A total of 32 Chinese immigrants had filed lawsuits against Virginia Governor, Terry McAuliffe, and Ex-Democratic presidential candidate, Hillary Clinton’s own brother, Anthony Rodham, over a business plan that had aimed at producing electric cars in the United States.
The Chinese investors had filed a $17 million fraud lawsuit in the Fairfax County, Virginia court last week, alleging that they were swindled out of about $560,000 apiece as a result of the misrepresentations that were made by McAuliffe and Rodham, two of the most politically connected proponents of the business venture, news source reported Tuesday.
The suit is yet another headache for McAuliffe as he mulls a potential presidential bid in year 2020, buoyed in part by the Democrats’ strong showing in the state election earlier this month. McAuliffe had confirmed last year that his business dealings with the foreign nationals were under investigation by the FBI and the federal prosecutors. It’s still unclear whether that probe had involved Greentech or whether the inquiry is still ongoing.
The Chinese investors had plowed their money into the Greentech with the promise of winning permanent residency in the U.S. under a program that was awarding the green cards to foreign-funded ventures that would generate U.S. jobs. However, the suit contends that the investors now face the threat of deportation from the U.S. because the Department of Homeland Security has determined that the Greentech did not generate the number of jobs that were required to sustain the number of visas issued through the so-called EB-5 program.
“Plaintiffs now face the prospect of having to uproot their families once again, with the expense and stress of deportation to China looming before them,” the suit further says, accusing McAuliffe, Rodham, and the Greentech founder Charles Xiaolin Wang, and others of running a “scam.”
The suit also says that McAuliffe and Rodham did several tours through China to talk to the Chinese citizens about investing in their electric car startup. As the brother-in-law of former President Bill Clinton and brother of the then-Secretary of State Hillary Clinton, Rodham had appeared to serve as a means of attracting Chinese interest in this venture.

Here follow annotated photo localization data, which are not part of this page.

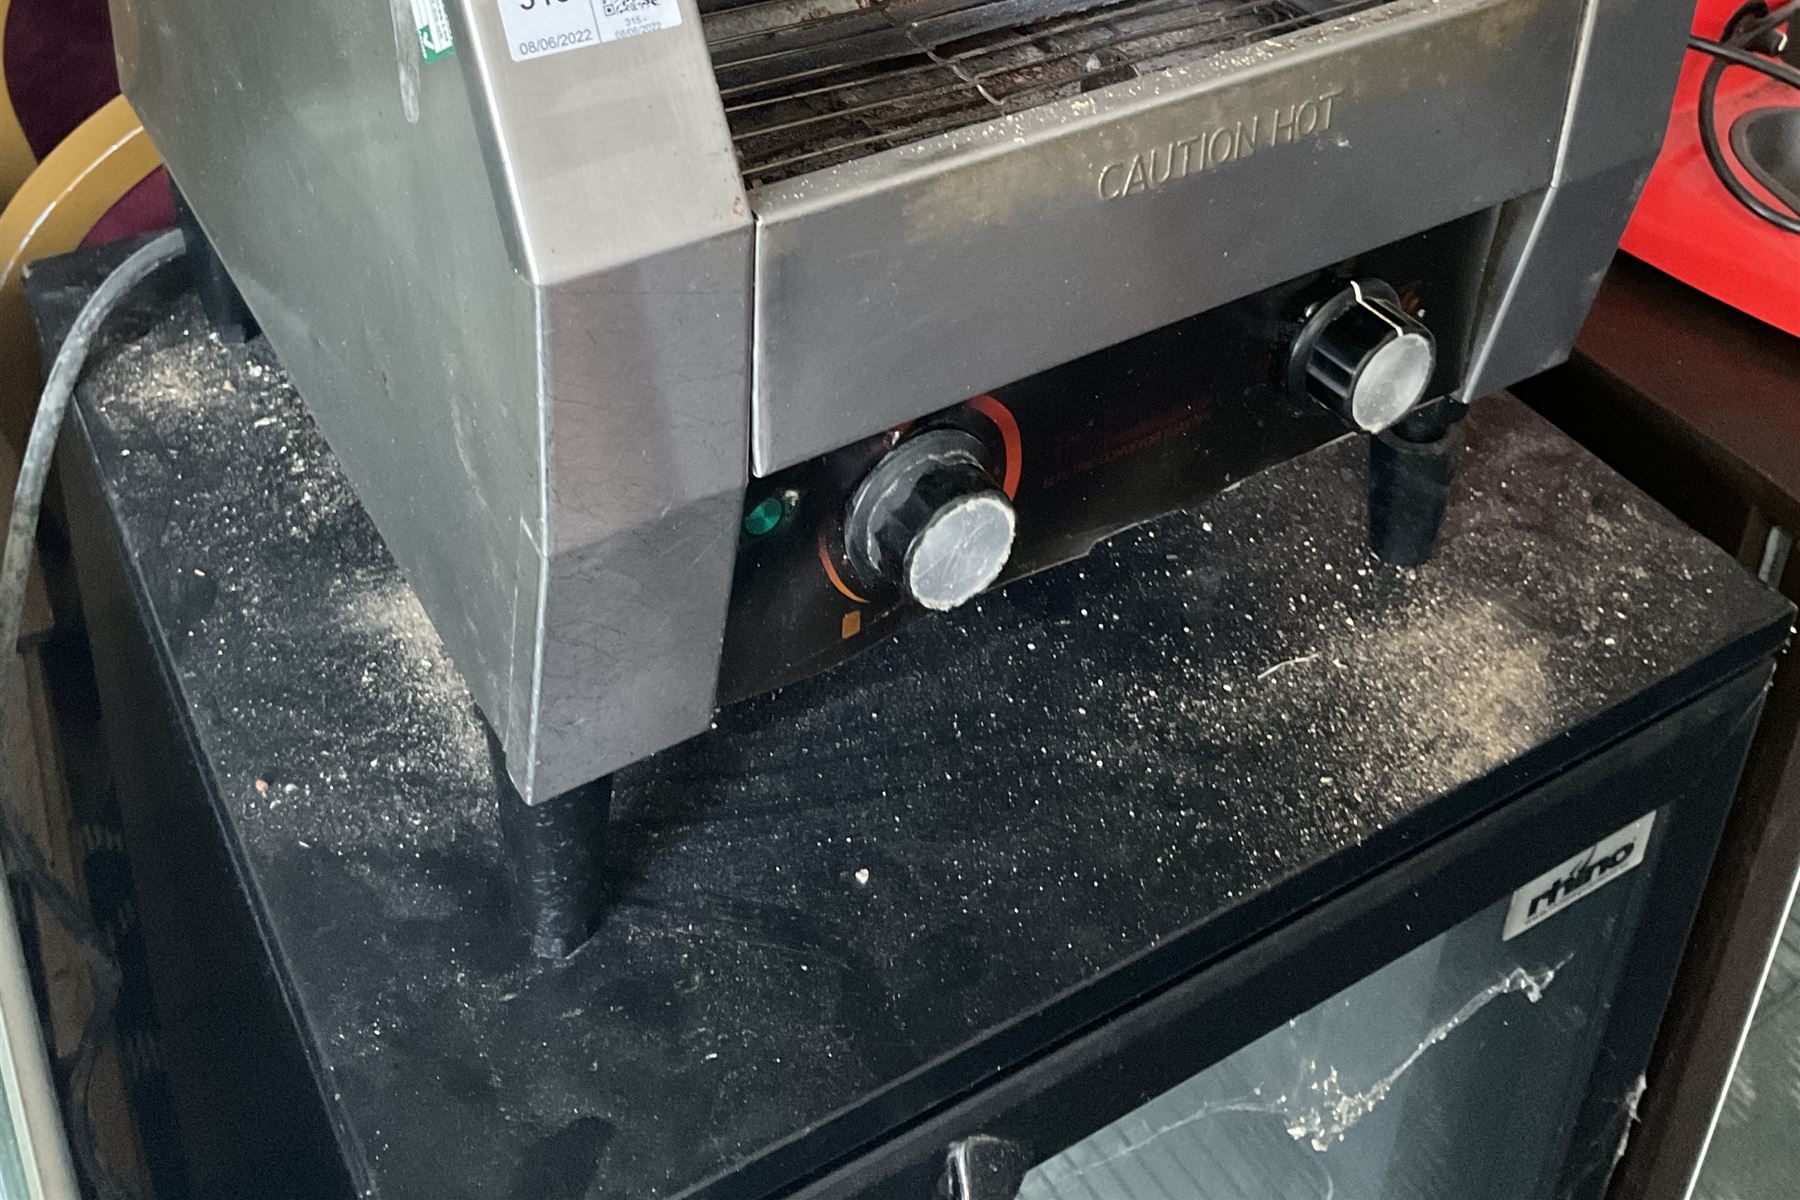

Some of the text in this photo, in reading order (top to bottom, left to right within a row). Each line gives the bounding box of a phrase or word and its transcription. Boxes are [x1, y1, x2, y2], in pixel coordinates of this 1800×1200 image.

[519, 28, 593, 56] 08/06/2022
[624, 16, 641, 27] 315
[1097, 90, 1344, 201] CAUTION HOT
[1527, 842, 1635, 918] rhino
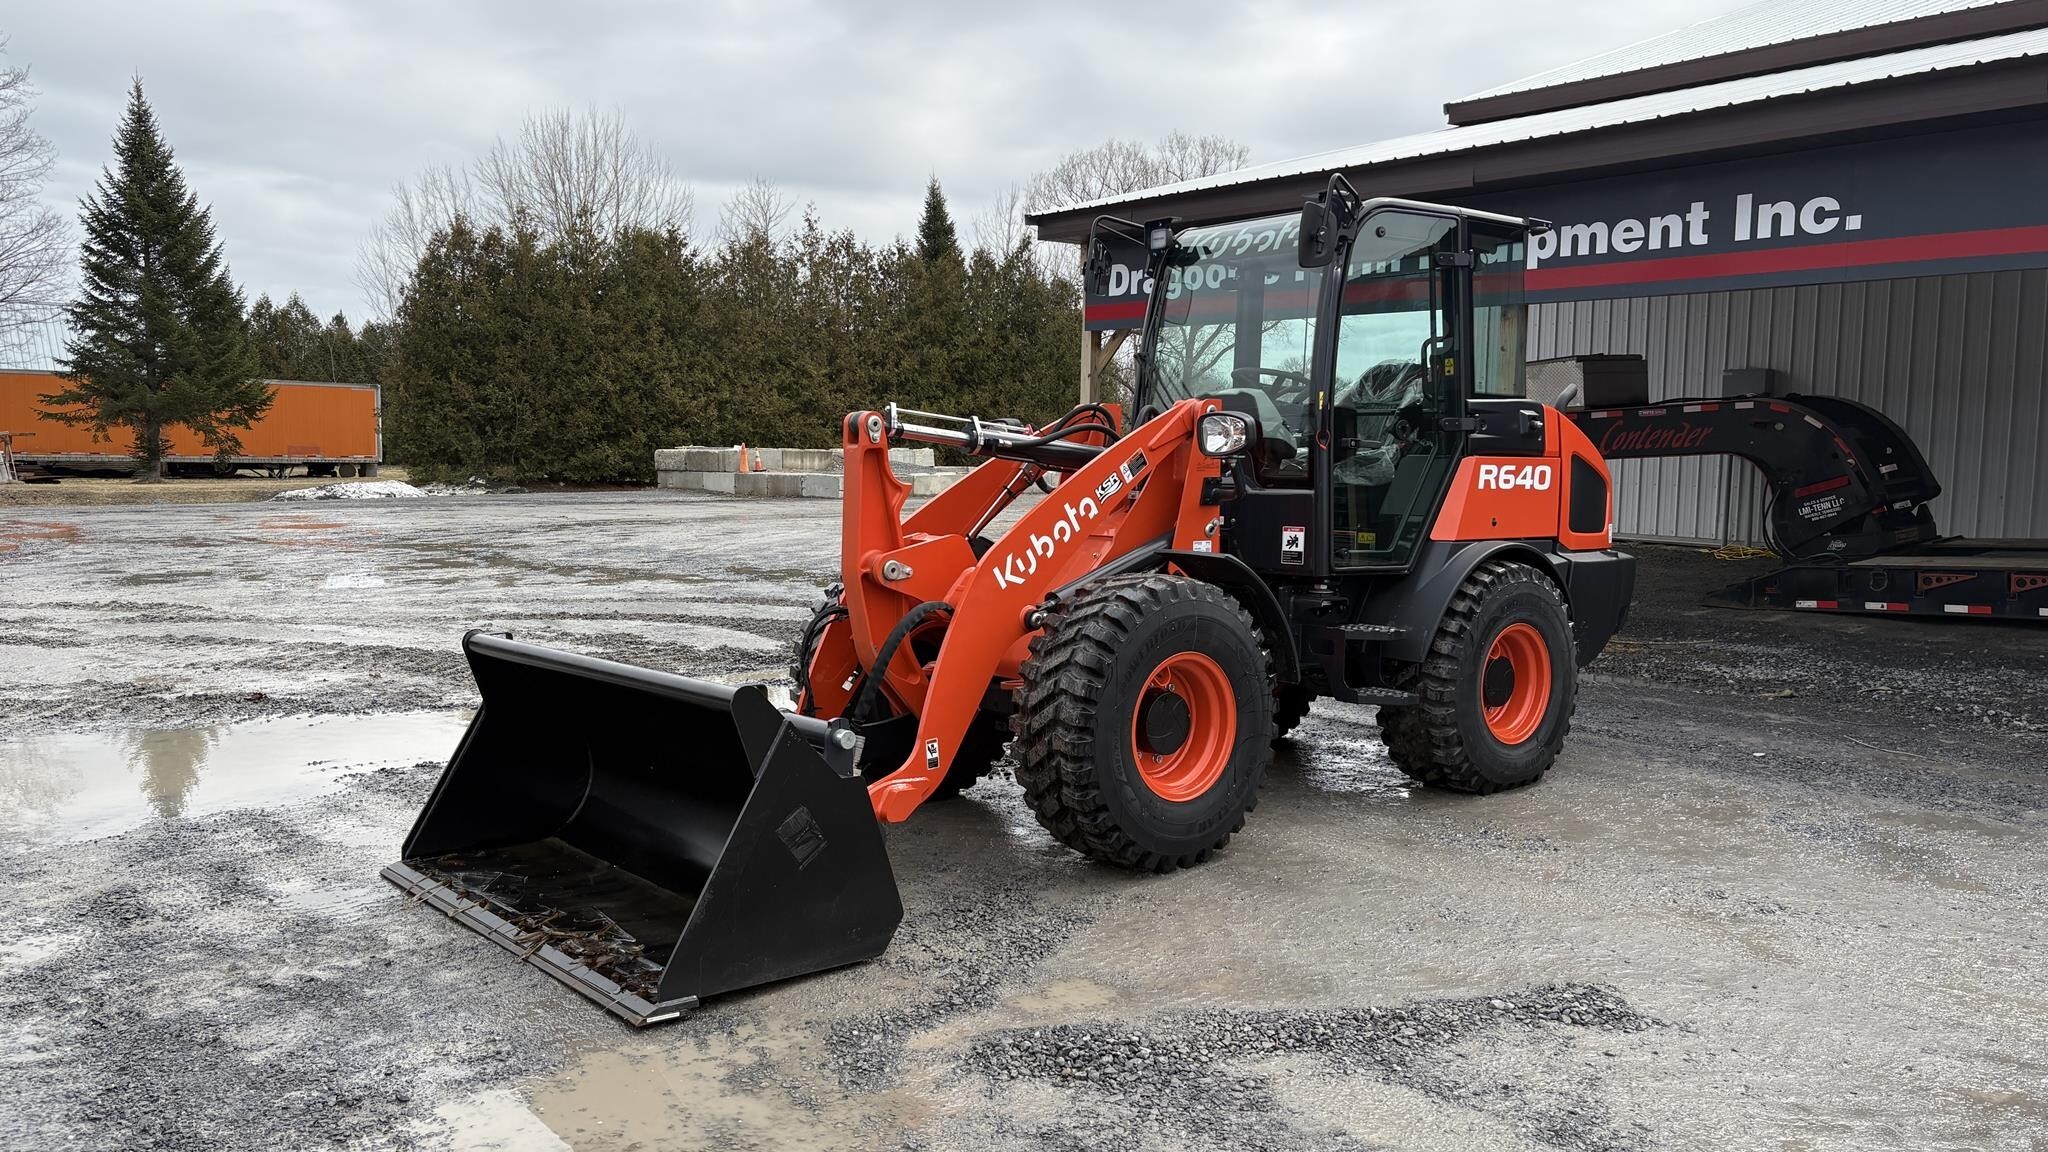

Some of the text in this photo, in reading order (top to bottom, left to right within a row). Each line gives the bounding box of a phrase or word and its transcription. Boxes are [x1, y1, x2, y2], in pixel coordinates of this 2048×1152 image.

[1734, 193, 1863, 242] Inc.
[1600, 420, 1713, 455] Contender
[1095, 472, 1121, 498] KSR
[1478, 464, 1552, 491] R640
[1798, 500, 1832, 516] LMI-TENN
[992, 496, 1100, 590] Kubota

“Defendants milked these connections in marketing materials,” the suit adds saying, “Defendants exploited those relationships to assure investors of both the success of the company and their ability to obtain U.S. Citizenship and Immigration Services (“USCIS”) approval of the visa applications.”

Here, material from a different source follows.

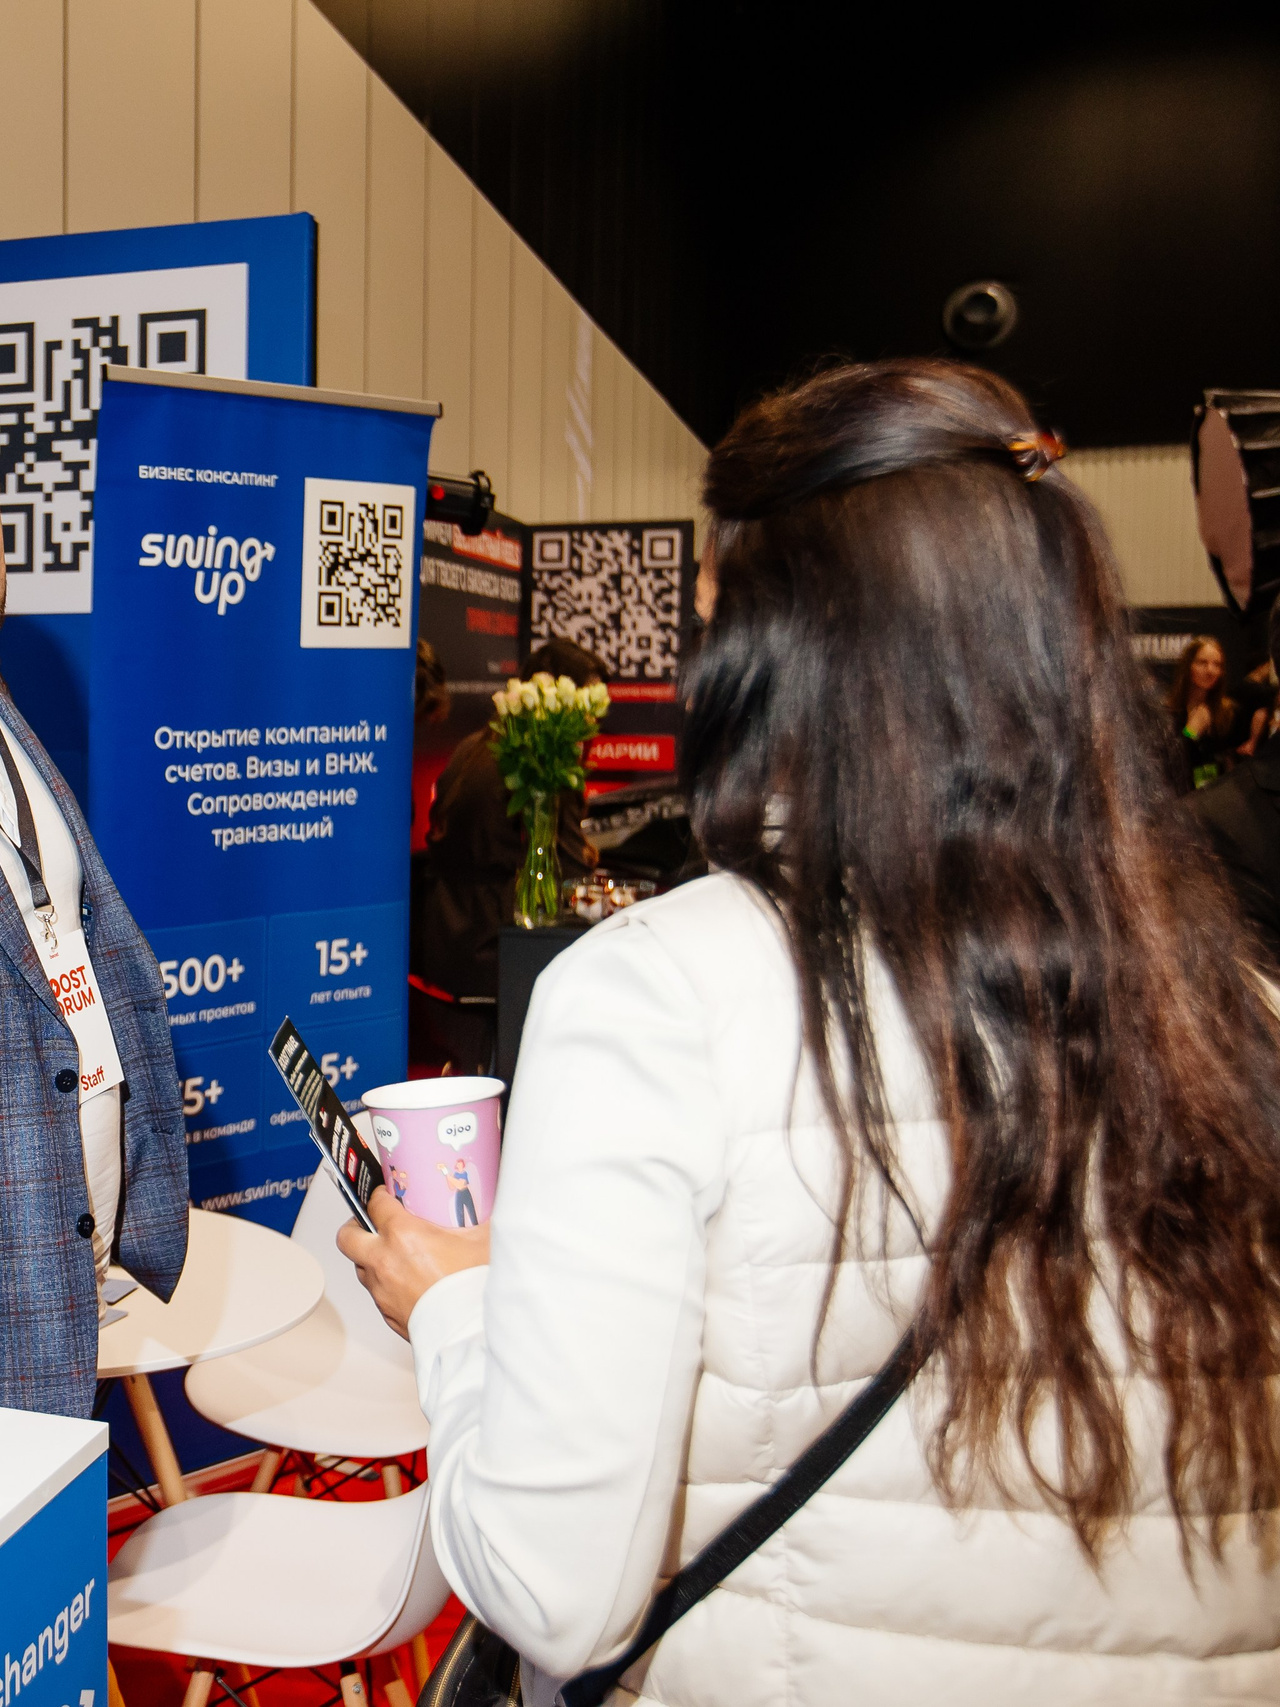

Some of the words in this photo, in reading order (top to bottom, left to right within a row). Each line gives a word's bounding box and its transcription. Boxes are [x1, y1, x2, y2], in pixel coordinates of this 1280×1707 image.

McAuliffe’s spokeswoman, Crystal Carson, went on to push back against these claims in the suit and noted that McAuliffe gave up his role in Greentech almost five years ago.

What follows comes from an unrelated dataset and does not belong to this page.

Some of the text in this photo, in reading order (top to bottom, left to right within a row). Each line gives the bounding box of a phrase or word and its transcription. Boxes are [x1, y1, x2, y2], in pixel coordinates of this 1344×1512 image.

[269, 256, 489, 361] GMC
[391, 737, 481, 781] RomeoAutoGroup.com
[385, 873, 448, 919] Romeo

“We strongly reject this baseless suit which has no merit whatsoever. The claims, which regurgitate old political attacks regarding a company that Governor McAuliffe left five years ago, were brought by a lawyer with conservative ties,” Carson stated in her statement. “We are confident it will be dismissed.”
Scott Abeles, one of the attorneys who had drafted the suit, disputed having any political motivation against McAuliffe or Rodham.
“I represented the Chamber of Commerce once or twice … I’m not a conservative dude,” Abeles, of the Los Angeles-based Gerard Fox law, said in an interview on Tuesday.